Let me take this in a little bit different direction. Over the years, I have become much less of a ‘purist’ and describe what I do in my role now as ‘discipline agnostic’. There are very prominent foundations that I draw from Lean but have also found that for many situations, it can be narrow-sighted to expect each problem or opportunity to act the same way, especially in healthcare. So, whether it’s Six Sigma/DMAIC, PDCA, 8D, Lean, Project Management, a well rounded ‘Improvement Scientist’ can adapt his/her approach to effectively manage the opportunity.
4. What have been some of the biggest struggles on your journey?

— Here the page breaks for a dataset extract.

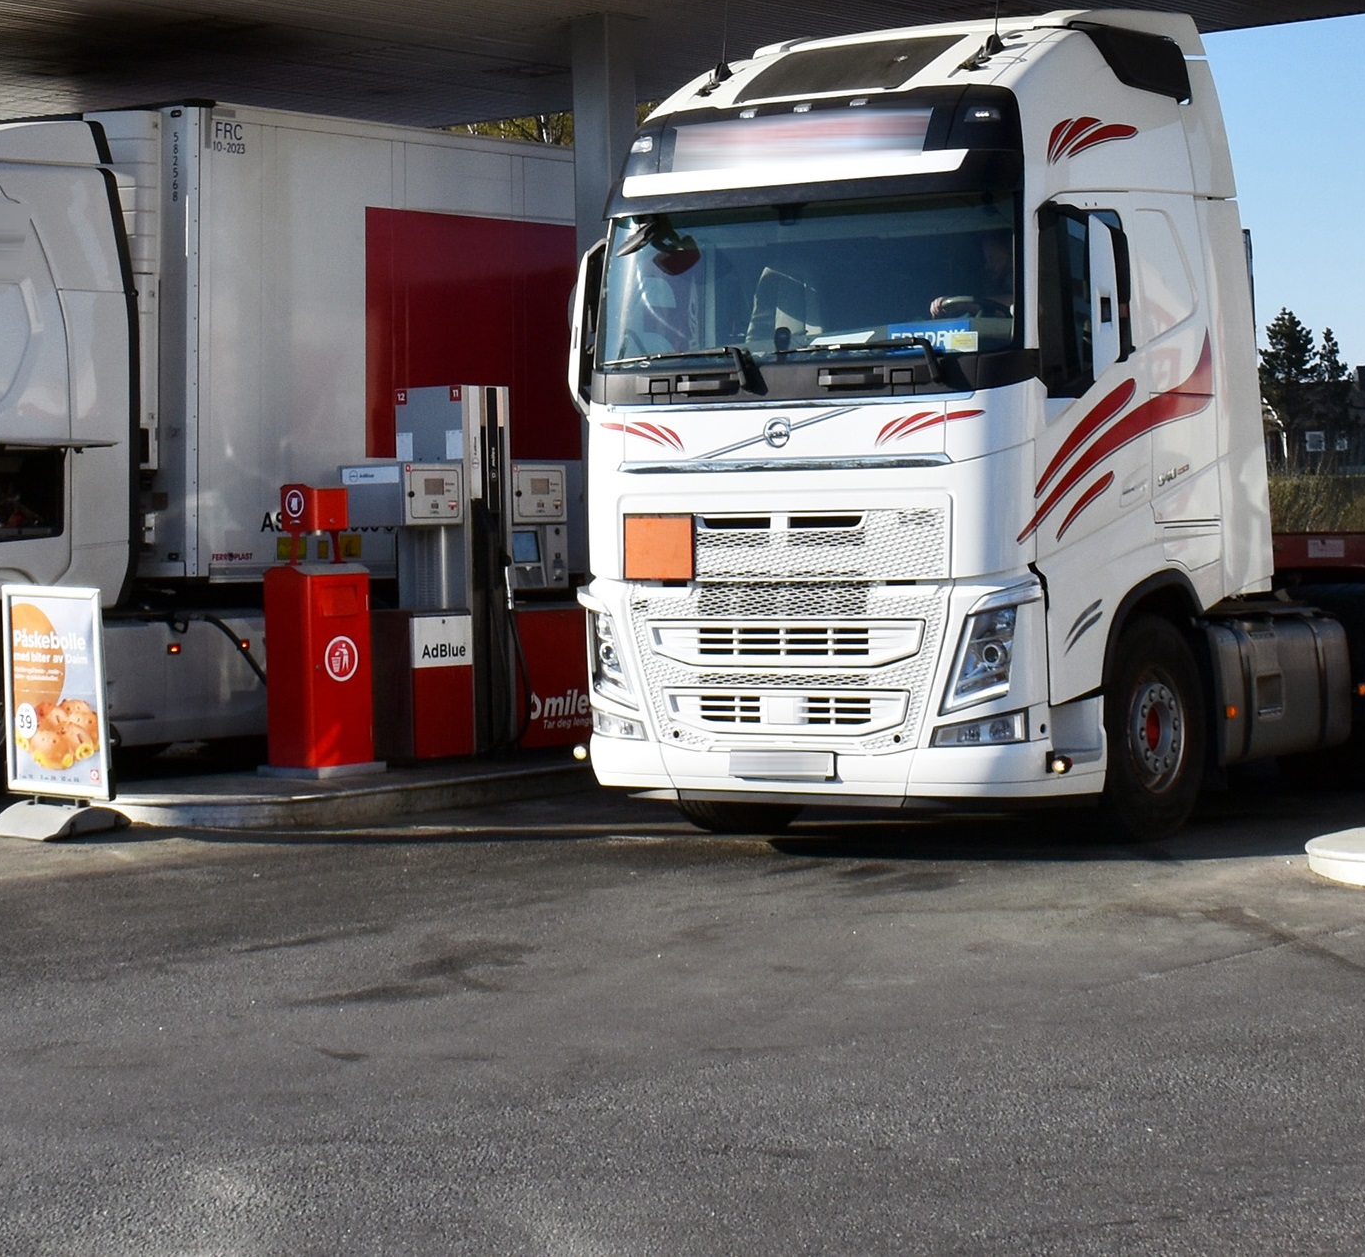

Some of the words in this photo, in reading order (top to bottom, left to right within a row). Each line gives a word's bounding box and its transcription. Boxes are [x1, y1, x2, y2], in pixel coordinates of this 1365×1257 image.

One of the biggest things that I continually find challenging and a struggle is the pressure to have the ‘right solution’ vs experimenting my way to the best solution. Especially as you progress in roles and title in your career, people don’t react well to planning, go and see, not making progress, failing. For me, I’m not afraid of failure or being fired or something, It’s more of my internal struggle to manage my frustration when something doesn’t turn out the way I had planned. We’ve all had the mountain top feeling when the RIE is outstanding and a tremendous success, but that doesn’t happen all the time and so staying disciplined and not ‘chasing the high’ can be a struggle.
5. What are some things you have learned from those struggles?
I’ve had to learn to walk away. I make myself get in the car and go for a drive to detach in some ways. And I’ve had to manage my behaviors in those situations. When my mind is so focused on something, it can end up blinding me to adequate solutions. Inevitably, on Saturday morning when I’m mowing the lawn, it hits me and I’m ready to go and can’t wait until Monday to be back at work trying the next thing. But, I’ve had to learn to discipline myself under ‘damage control’ situations (sometimes of my own doing) by creating diversions, and managing my behavior are two big lessons that I’ve learned.
6. What have been some of your greatest successes on your Lean journey?
I have some really neat, quantifiable, measurable things that I’m happy to say I’ve been a part of doing. But, for me, it comes back to the times that I’ve helped someone do something that they wouldn’t have been able to do without my help. And there are really simple examples that make me most proud. Helping someone do their first executive presentation, someone who’s become ‘control chart crazy’ because they’ve seen the value through working with me, a nurse who had never really led a team on an improvement project. Those are
7. How have they benefited the organization?
a. In context to my last answer….I’m just one person and can only do what I can. But if others are learning and developing, that has a multiplicative effect on how much improvement we can complete across our organization.
8. What have been some of the biggest surprises that you have learned?
People are people…not robots
9. If my company was starting our lean journey today, what advice would you give us?
Think small to think big. I’ve seen many initiatives go down in flames because the goal was so overwhelming ‘We’re going to transform healthcare’ type of stuff and it alienates a lot of the organization right off the bat. So, right size goals and do small experiments to get started.